● What this task involves
Print again, word for word, all of the records below, and leave the pictures out.

● Task material
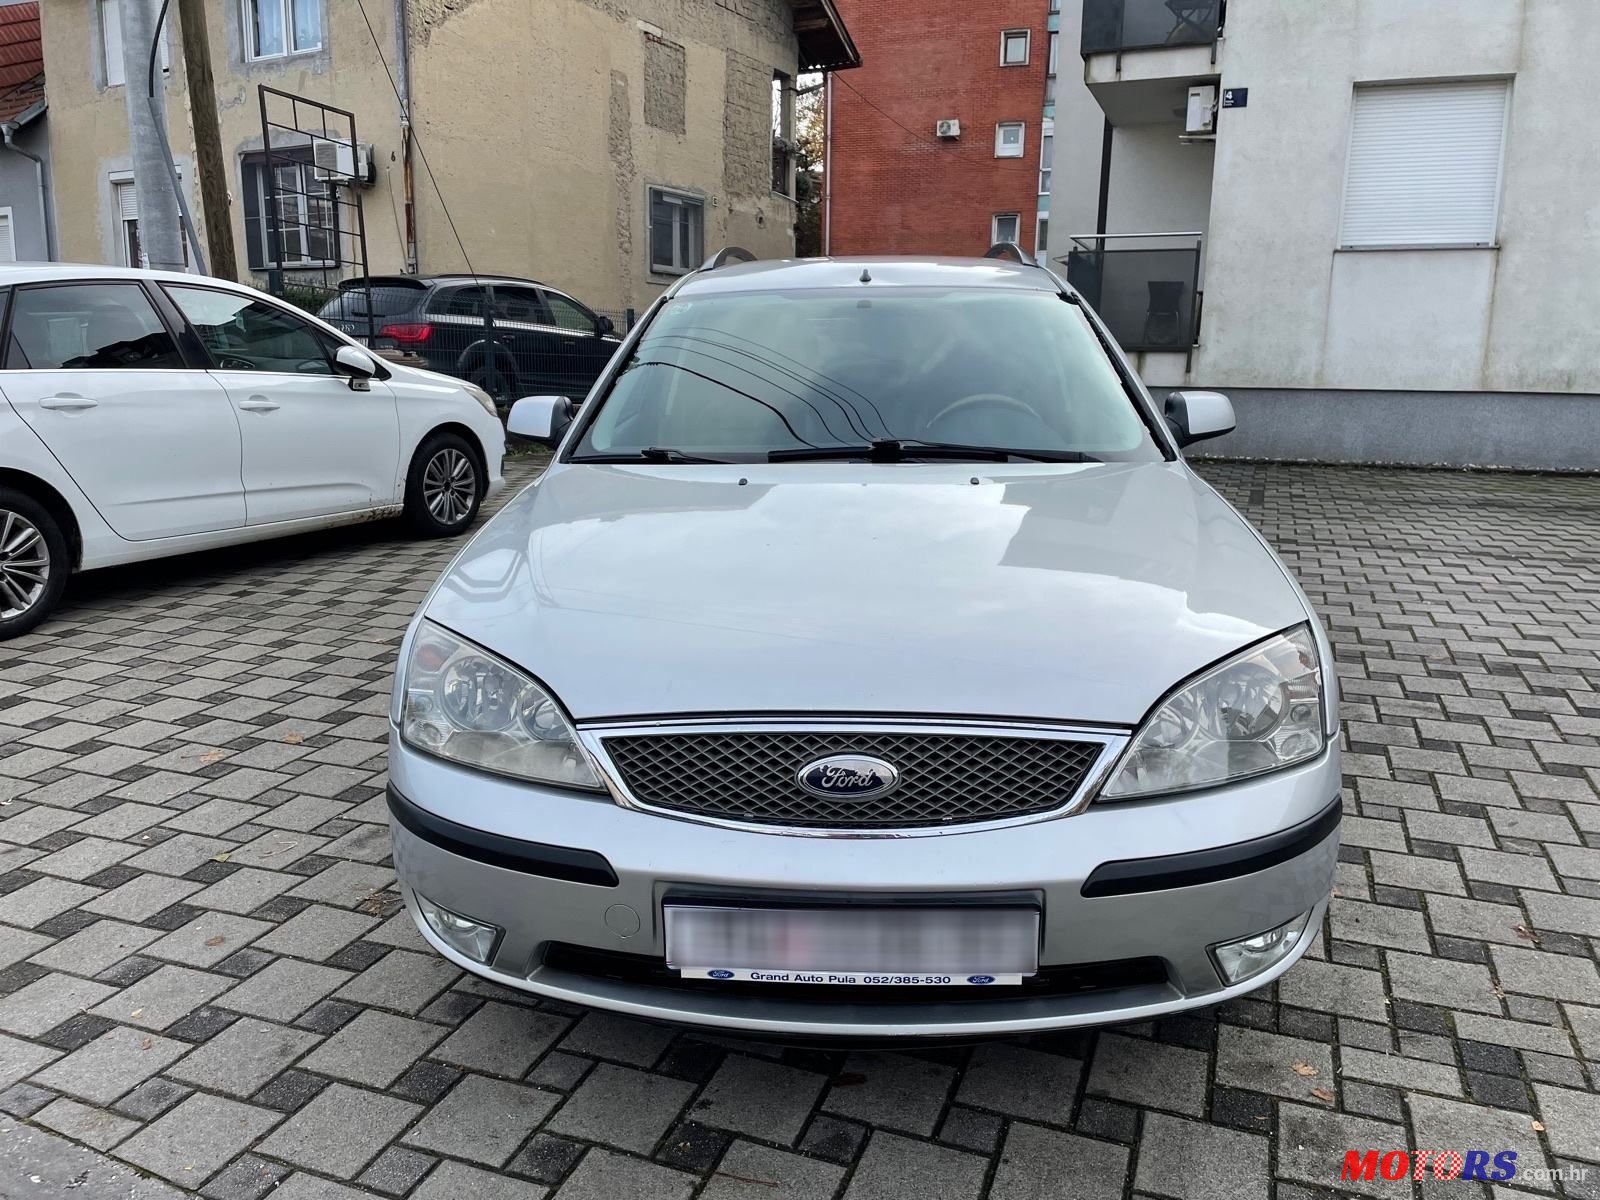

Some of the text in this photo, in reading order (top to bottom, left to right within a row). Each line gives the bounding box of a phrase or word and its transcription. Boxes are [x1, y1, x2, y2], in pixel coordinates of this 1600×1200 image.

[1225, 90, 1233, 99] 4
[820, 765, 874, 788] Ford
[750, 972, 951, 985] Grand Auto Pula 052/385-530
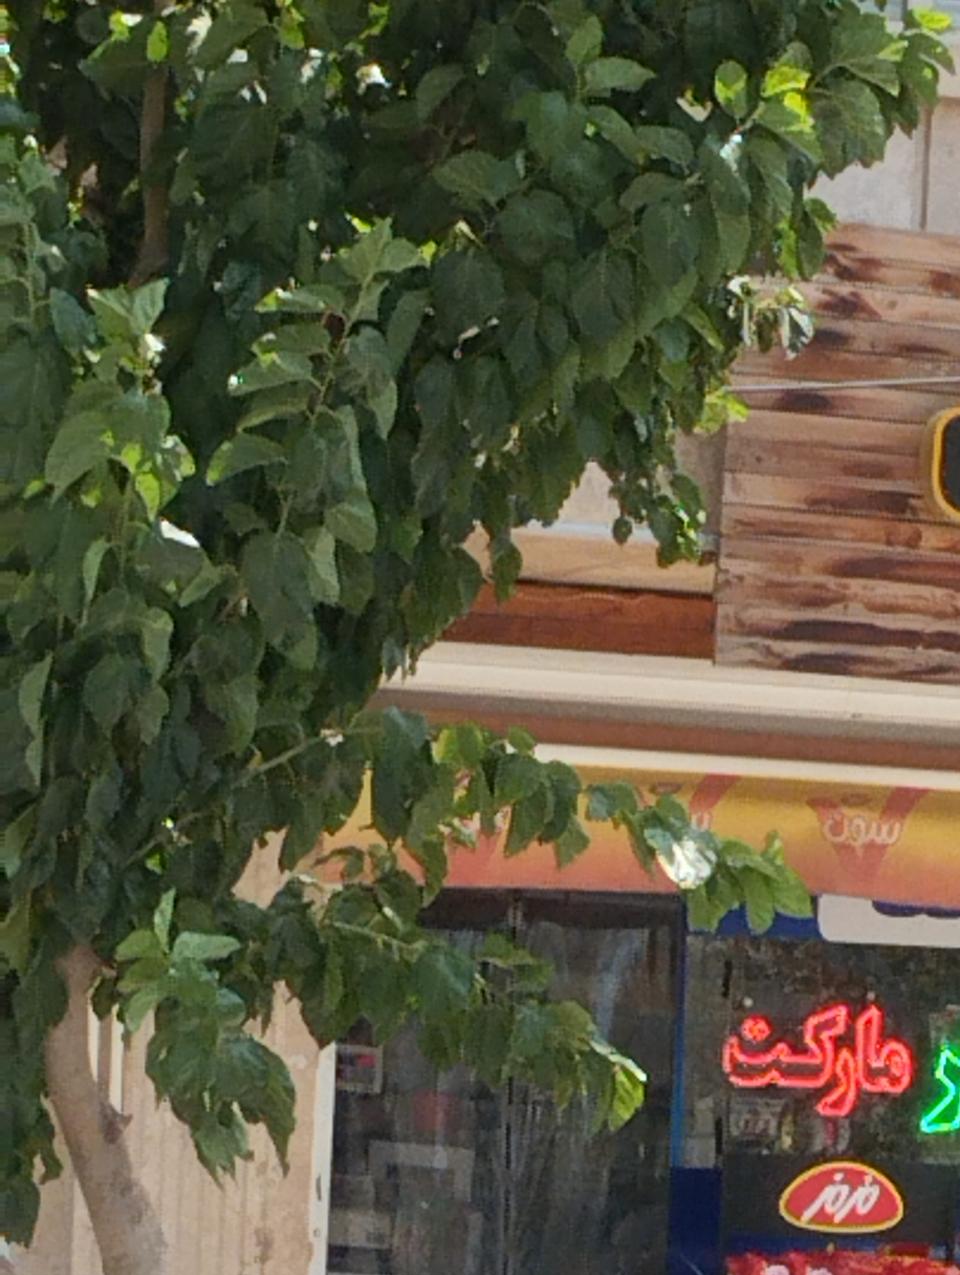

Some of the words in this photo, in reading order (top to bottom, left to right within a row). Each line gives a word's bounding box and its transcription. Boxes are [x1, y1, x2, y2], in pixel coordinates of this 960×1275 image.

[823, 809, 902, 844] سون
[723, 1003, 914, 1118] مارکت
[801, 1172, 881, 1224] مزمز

● Task output
Some of the text in this photo, in reading order (top to bottom, left to right within a row). Each line gives the bounding box of a phrase or word and its transcription. Boxes are [x1, y1, x2, y2], in pixel coordinates of this 1600×1200 image.

[1225, 90, 1233, 99] 4
[820, 765, 874, 788] Ford
[750, 972, 951, 985] Grand Auto Pula 052/385-530

Some of the words in this photo, in reading order (top to bottom, left to right within a row). Each line gives a word's bounding box and its transcription. Boxes are [x1, y1, x2, y2], in pixel coordinates of this 960×1275 image.

[823, 809, 902, 844] سون
[723, 1003, 914, 1118] مارکت
[801, 1172, 881, 1224] مزمز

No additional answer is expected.